◆ Data in this exercise:
....
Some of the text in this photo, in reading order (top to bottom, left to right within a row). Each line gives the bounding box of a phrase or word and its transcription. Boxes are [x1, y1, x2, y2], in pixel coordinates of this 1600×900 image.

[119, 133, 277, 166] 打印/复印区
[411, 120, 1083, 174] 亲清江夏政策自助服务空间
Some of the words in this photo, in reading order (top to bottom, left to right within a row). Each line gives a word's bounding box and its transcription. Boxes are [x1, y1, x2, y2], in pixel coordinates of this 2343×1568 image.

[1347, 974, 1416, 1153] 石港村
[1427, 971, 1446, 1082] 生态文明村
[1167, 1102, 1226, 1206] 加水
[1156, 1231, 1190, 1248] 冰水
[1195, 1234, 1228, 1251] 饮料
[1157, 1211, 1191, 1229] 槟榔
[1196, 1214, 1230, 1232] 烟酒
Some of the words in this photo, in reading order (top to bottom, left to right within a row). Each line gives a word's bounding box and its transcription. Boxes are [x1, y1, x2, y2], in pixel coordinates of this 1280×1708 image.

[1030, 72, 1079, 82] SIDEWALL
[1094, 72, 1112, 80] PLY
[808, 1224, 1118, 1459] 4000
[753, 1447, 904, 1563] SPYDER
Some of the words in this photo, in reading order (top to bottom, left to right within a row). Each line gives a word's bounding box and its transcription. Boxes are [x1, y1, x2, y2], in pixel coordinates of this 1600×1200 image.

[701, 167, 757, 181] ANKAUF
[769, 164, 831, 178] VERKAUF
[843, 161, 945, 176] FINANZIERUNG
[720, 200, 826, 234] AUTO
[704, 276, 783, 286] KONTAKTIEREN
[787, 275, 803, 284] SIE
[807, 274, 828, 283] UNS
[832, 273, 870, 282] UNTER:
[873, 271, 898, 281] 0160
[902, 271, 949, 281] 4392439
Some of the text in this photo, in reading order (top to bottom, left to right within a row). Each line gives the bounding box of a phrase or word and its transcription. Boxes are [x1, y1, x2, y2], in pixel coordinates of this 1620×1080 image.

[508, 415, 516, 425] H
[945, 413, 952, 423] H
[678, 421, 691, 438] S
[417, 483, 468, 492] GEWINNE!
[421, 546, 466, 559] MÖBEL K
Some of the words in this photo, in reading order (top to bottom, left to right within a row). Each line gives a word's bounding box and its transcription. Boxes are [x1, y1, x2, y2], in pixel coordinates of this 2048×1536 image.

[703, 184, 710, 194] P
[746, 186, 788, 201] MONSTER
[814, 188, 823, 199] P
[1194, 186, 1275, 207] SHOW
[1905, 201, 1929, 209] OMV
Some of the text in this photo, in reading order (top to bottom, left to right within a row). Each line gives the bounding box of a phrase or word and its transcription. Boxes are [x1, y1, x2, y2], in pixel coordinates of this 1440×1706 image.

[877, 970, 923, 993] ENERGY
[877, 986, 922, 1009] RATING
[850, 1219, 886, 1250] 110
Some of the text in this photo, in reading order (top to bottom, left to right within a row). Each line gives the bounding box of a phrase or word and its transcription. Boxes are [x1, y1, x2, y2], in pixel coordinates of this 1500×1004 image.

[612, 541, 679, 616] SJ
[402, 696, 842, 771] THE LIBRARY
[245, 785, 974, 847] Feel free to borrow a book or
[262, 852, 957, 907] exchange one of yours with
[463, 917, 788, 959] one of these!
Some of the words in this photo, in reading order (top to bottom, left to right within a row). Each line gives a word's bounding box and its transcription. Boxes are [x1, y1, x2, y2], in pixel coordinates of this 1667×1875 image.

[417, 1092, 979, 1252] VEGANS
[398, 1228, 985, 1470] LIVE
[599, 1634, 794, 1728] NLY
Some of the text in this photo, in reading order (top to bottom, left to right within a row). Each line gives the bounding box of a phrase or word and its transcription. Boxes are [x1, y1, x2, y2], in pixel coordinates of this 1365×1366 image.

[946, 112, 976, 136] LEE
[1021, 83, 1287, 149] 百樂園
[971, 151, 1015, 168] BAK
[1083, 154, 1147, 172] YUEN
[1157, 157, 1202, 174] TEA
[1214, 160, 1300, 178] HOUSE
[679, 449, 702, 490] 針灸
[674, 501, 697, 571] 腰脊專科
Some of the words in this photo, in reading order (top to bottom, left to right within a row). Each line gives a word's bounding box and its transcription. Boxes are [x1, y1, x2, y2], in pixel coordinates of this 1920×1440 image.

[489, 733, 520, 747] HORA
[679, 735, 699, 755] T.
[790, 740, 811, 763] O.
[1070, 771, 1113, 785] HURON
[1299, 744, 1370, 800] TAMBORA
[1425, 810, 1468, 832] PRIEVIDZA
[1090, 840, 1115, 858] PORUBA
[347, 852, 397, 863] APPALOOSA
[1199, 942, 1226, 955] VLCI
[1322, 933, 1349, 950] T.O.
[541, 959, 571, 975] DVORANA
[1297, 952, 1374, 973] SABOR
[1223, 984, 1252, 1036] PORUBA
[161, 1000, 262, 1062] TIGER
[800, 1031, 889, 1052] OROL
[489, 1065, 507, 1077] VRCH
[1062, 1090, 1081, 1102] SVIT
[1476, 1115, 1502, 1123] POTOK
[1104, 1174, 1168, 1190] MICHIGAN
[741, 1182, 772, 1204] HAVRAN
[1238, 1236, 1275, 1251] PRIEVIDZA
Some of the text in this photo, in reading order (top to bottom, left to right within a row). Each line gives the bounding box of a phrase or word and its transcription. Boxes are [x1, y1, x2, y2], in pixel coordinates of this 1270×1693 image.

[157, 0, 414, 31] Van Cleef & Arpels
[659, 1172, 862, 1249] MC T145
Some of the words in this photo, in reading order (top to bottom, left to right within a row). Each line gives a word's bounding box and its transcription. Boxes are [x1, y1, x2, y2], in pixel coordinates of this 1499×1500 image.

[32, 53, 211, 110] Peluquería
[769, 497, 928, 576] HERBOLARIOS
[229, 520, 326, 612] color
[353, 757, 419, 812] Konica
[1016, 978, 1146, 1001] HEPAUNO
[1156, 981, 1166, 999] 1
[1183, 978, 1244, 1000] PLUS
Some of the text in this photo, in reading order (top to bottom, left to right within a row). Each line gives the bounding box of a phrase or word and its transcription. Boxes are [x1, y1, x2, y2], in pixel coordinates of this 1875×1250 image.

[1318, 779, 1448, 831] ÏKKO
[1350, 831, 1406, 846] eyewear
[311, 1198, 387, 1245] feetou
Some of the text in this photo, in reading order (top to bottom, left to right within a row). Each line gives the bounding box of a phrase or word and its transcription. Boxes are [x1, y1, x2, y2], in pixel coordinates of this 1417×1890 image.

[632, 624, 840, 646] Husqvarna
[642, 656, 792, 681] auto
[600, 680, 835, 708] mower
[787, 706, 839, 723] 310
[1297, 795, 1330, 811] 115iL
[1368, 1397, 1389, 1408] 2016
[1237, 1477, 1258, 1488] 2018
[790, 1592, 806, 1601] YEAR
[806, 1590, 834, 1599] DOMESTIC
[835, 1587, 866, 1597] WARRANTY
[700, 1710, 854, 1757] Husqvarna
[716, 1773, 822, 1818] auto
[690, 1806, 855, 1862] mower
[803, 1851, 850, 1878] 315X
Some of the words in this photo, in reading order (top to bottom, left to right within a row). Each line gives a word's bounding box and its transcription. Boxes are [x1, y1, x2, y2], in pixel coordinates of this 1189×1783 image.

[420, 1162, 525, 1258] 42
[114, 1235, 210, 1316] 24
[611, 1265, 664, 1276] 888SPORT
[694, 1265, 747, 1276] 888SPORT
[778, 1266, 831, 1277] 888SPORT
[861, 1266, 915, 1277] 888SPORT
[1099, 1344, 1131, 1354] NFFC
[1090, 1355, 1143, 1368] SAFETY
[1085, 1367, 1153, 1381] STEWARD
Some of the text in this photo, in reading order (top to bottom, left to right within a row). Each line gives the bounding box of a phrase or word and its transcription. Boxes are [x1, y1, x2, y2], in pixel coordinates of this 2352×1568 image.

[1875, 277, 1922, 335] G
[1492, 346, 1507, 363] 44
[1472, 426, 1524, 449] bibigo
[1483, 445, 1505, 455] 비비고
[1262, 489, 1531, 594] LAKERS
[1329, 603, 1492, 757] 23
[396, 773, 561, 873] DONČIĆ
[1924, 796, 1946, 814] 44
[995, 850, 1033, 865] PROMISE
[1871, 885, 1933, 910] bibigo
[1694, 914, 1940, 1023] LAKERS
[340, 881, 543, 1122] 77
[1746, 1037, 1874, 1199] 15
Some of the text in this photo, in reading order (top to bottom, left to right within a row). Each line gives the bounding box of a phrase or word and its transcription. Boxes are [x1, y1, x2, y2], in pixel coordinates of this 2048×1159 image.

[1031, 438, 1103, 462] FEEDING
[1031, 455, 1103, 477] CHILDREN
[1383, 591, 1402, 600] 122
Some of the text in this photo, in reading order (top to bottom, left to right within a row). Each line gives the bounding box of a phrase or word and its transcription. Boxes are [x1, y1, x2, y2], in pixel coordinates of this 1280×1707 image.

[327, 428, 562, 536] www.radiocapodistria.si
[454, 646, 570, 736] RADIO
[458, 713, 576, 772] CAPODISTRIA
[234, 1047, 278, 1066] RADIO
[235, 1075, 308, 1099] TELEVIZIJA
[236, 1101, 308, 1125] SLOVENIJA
....
◆ Exercise prompt:
Once you find the line containing "this 1280×1707 image.", copy it and every line after it through the end of the records, exactly as they stand.

◆ Result:
Some of the text in this photo, in reading order (top to bottom, left to right within a row). Each line gives the bounding box of a phrase or word and its transcription. Boxes are [x1, y1, x2, y2], in pixel coordinates of this 1280×1707 image.

[327, 428, 562, 536] www.radiocapodistria.si
[454, 646, 570, 736] RADIO
[458, 713, 576, 772] CAPODISTRIA
[234, 1047, 278, 1066] RADIO
[235, 1075, 308, 1099] TELEVIZIJA
[236, 1101, 308, 1125] SLOVENIJA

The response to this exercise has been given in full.